About this task:
Copy the entries that appear below in full, leaving out any picture among them.

[Stored entries]
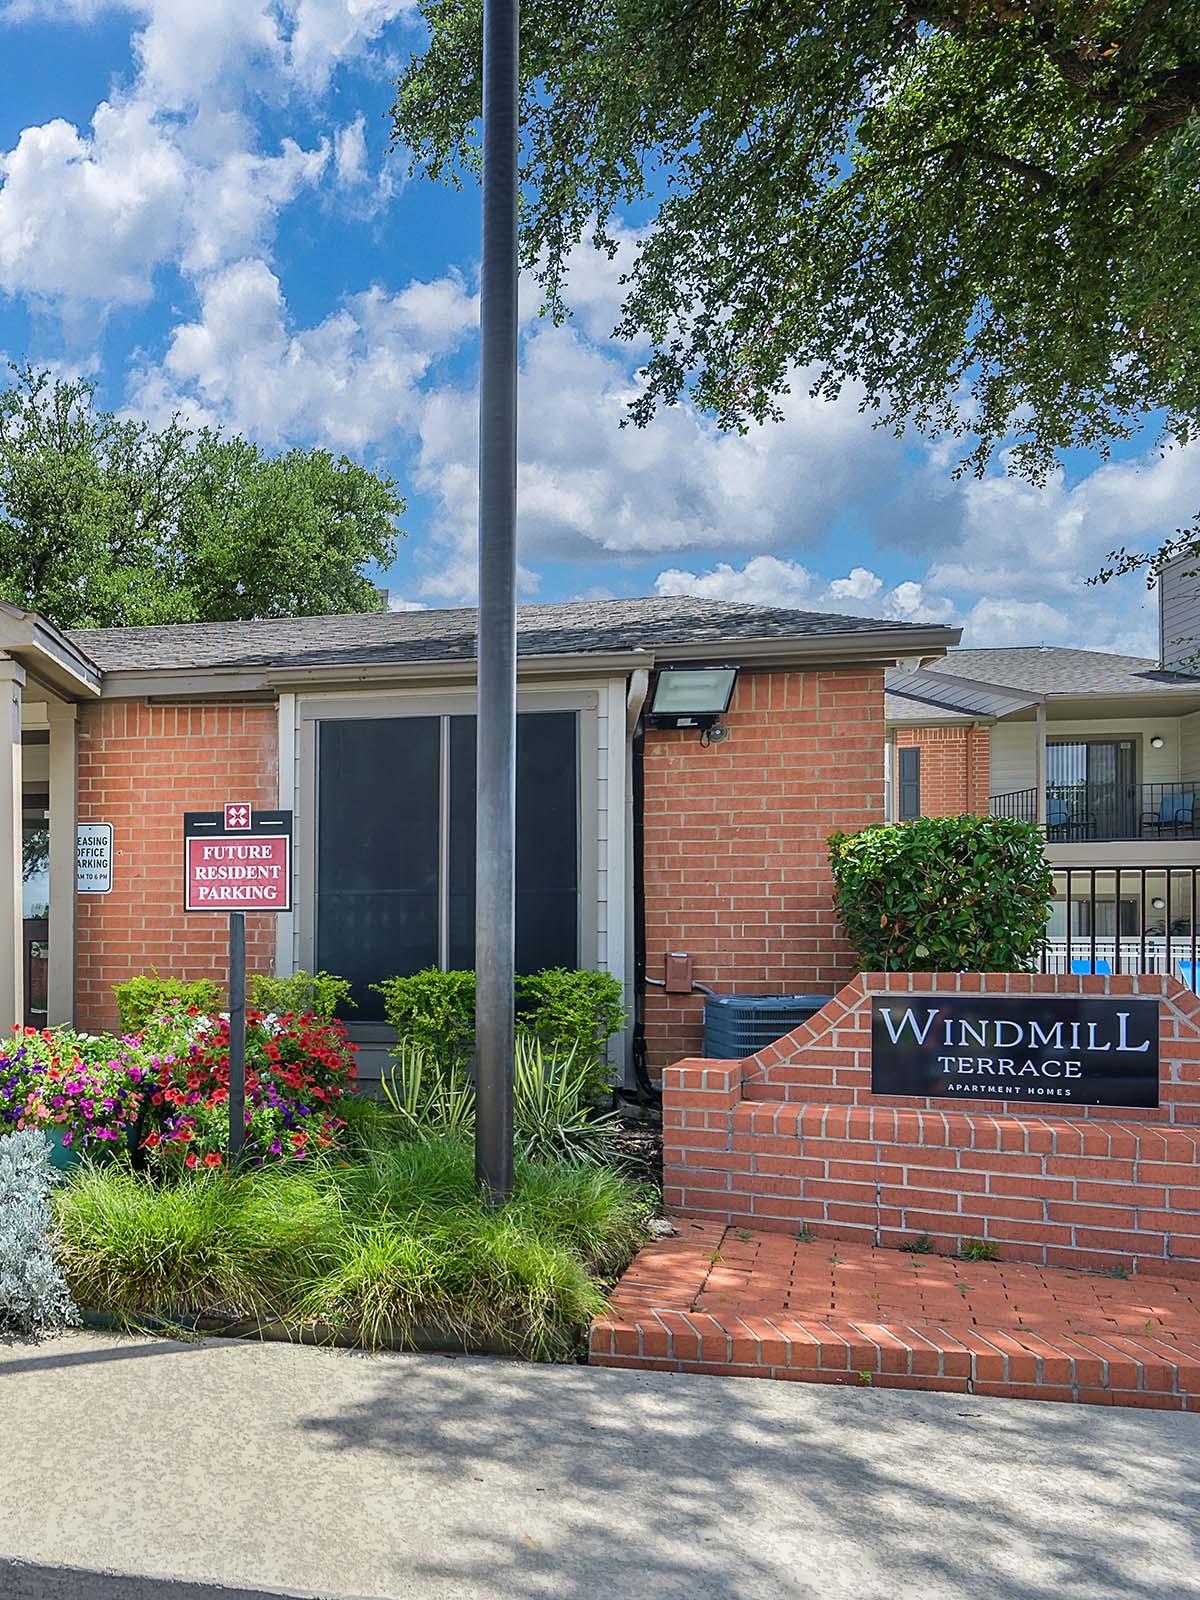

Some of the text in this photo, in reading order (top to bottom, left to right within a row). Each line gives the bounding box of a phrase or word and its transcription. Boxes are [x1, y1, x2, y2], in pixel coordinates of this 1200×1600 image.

[77, 836, 108, 846] EASING
[202, 845, 273, 860] FUTURE
[77, 859, 108, 868] ARKING
[194, 865, 282, 880] RESIDENT
[198, 885, 278, 900] PARKING
[878, 1007, 1150, 1053] WINDMILL
[937, 1056, 1083, 1079] TERRACE
[947, 1083, 1072, 1097] APARTMENT HOMES

Task output:
Some of the text in this photo, in reading order (top to bottom, left to right within a row). Each line gives the bounding box of a phrase or word and its transcription. Boxes are [x1, y1, x2, y2], in pixel coordinates of this 1200×1600 image.

[77, 836, 108, 846] EASING
[202, 845, 273, 860] FUTURE
[77, 859, 108, 868] ARKING
[194, 865, 282, 880] RESIDENT
[198, 885, 278, 900] PARKING
[878, 1007, 1150, 1053] WINDMILL
[937, 1056, 1083, 1079] TERRACE
[947, 1083, 1072, 1097] APARTMENT HOMES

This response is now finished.